Two whole weeks is an eternity in the age of instant communication, but until the mid-19th century, it took at least that long for a message to travel across the Atlantic. American businessman Cyrus West Field wanted to change this. It was his life mission to connect North America and Europe via telegraph.

The installation of the first successful transatlantic telegraph cable under the ocean was completed on August 5, 1858. After a few failed attempts over the previous year, four ships—two from Britain and two from the United States, successfully installed the cable without it breaking halfway, allowing messages to be sent from Valentia Harbor in Ireland to Trinity Bay in Newfoundland.

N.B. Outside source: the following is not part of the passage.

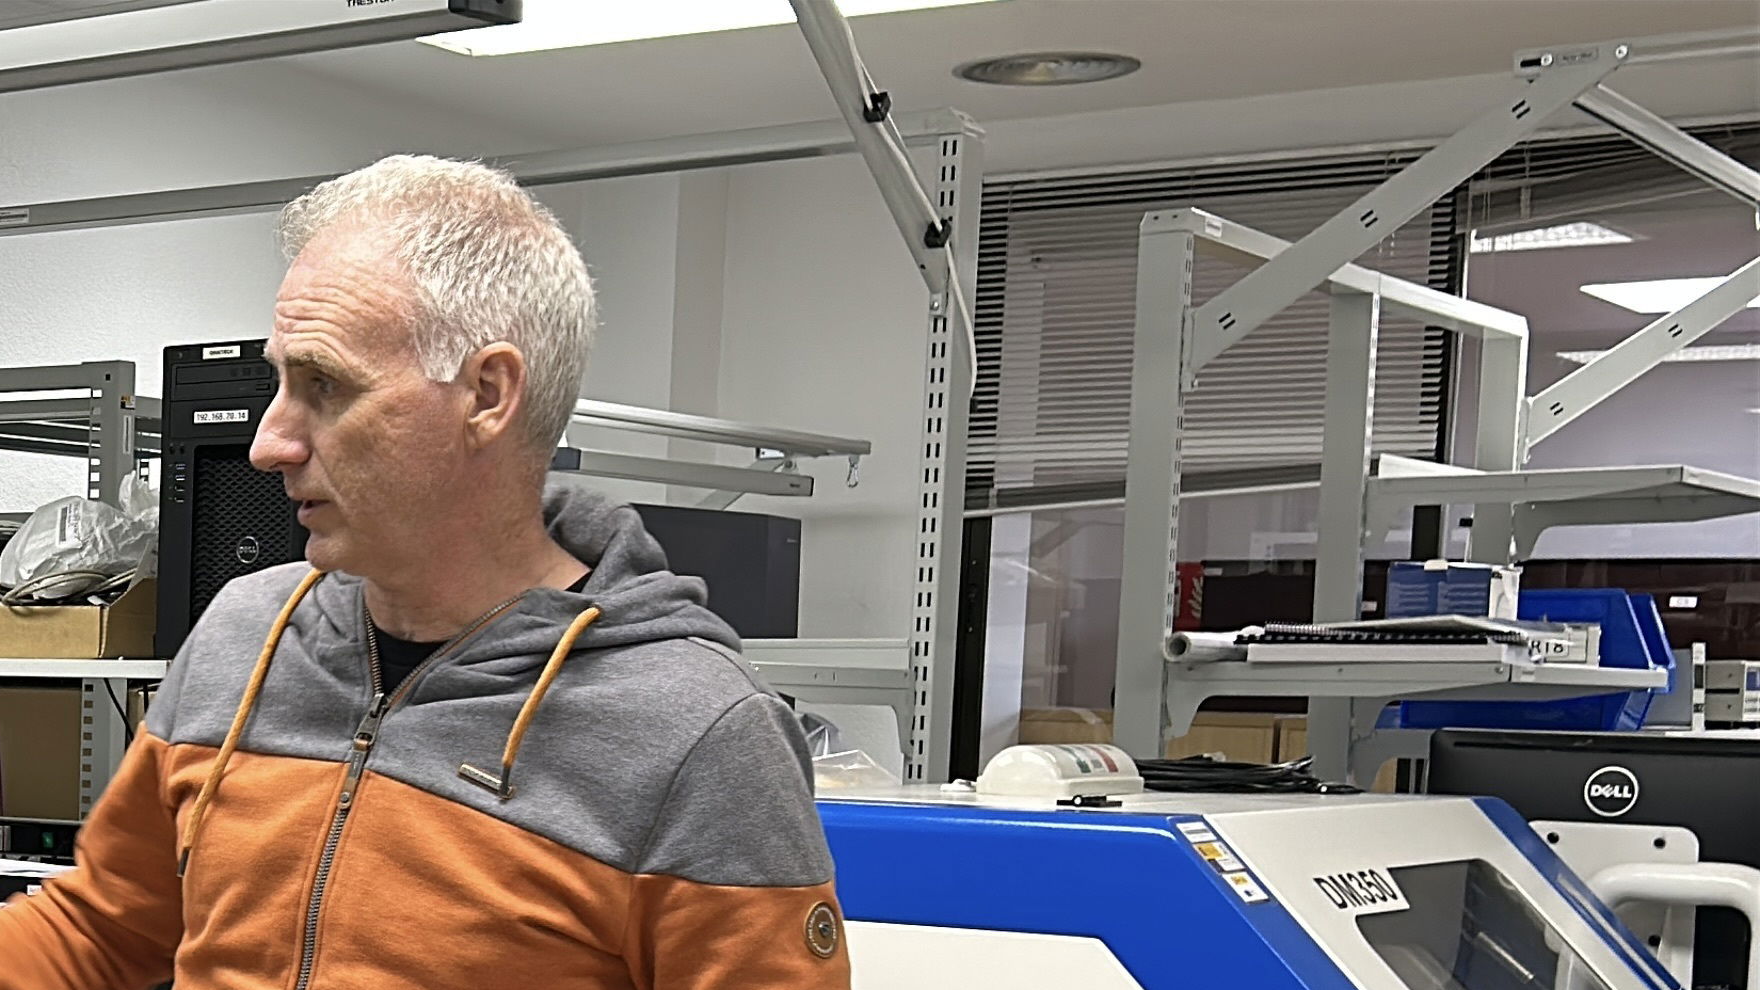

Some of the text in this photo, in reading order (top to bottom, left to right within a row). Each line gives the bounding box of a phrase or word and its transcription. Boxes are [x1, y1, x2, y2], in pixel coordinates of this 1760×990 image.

[346, 0, 395, 8] TRES
[1589, 784, 1632, 799] DELL
[1313, 869, 1398, 909] DM350

A few test messages were sent back and forth, after which President James Buchanan and Queen Victoria swapped pleasantries using the new technology. The glow of this fantastic achievement was, however, short-lived. The cable was not strong enough, and the high voltages passing through damaged it within three weeks. 

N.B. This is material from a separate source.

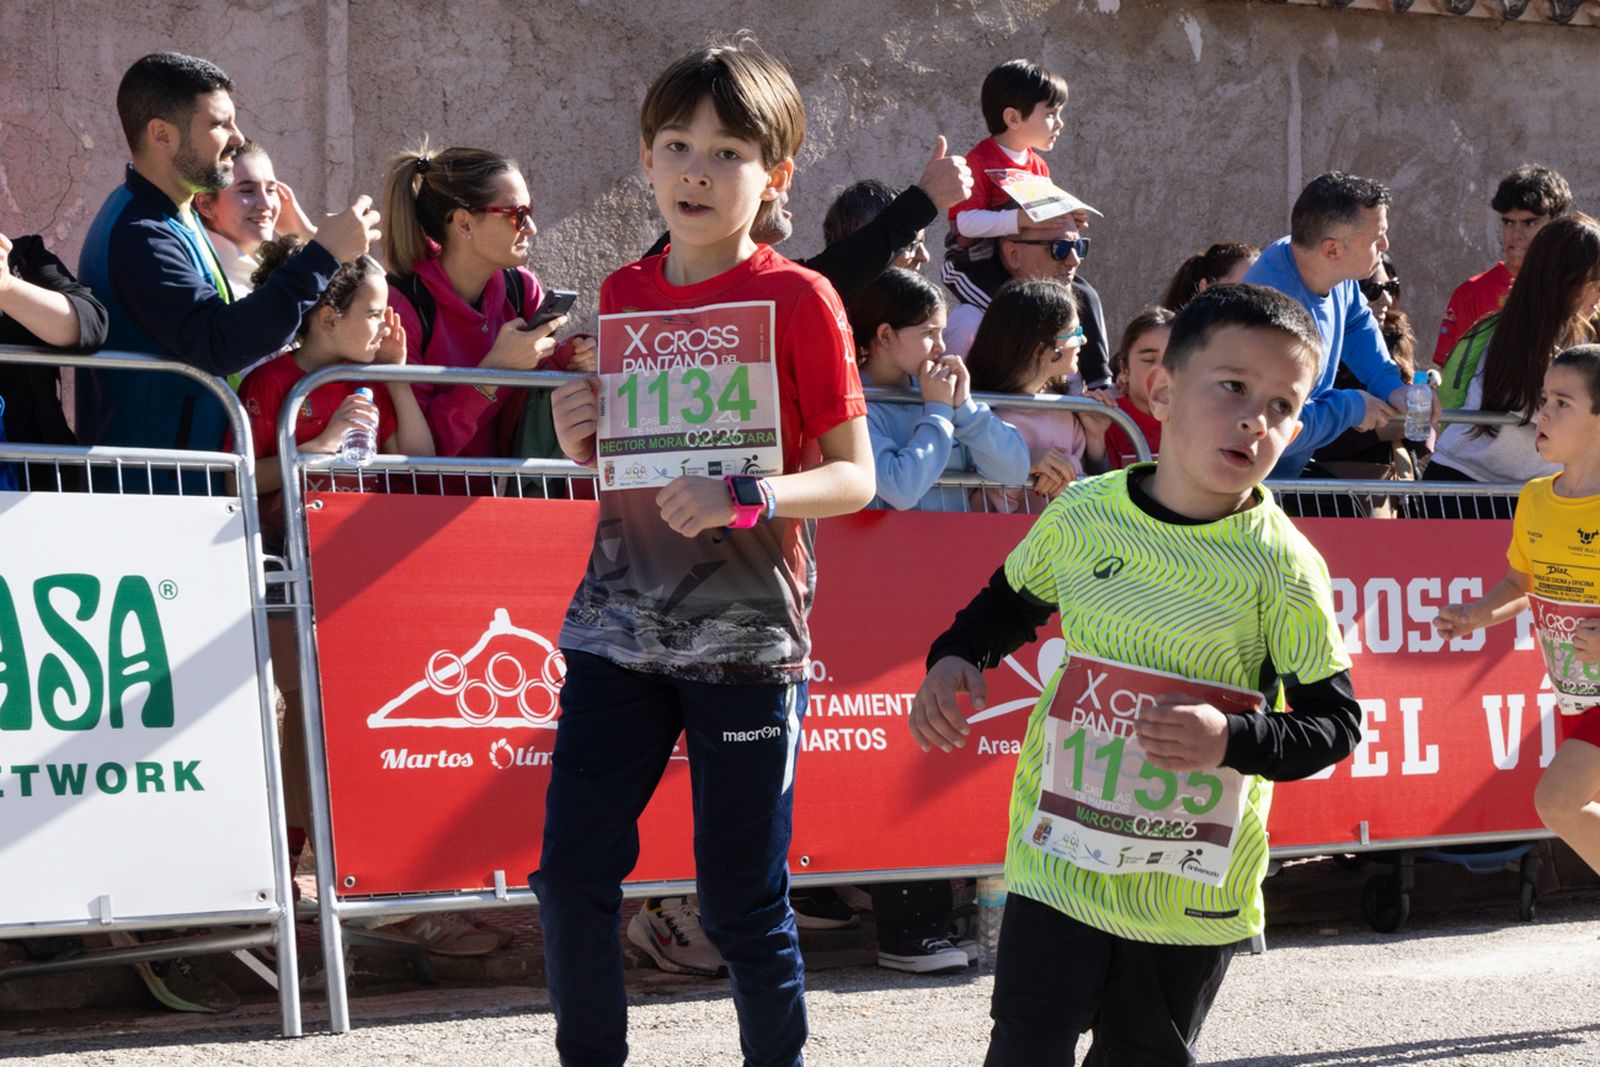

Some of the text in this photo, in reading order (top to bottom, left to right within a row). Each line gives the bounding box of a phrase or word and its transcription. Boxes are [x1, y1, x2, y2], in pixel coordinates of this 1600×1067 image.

The system was improved over the next several years, and in 1866, a ship finished laying the first permanent telegraph cable across the ocean. Valentia Island and Heart’s Content in Newfoundland were the endpoints of the cable. This signaled the beginning of an era of faster interaction, and made the Telegraph Field on Valentia Island a crucial site in the history of communication. Telegraphic messages zoomed in and out of the Valentia cable station for 100 years, until in 1966, it was closed down.

Today, a plaque marks the importance of the spot. In recent years, efforts have been made to have the area declared as a UNESCO World Heritage site.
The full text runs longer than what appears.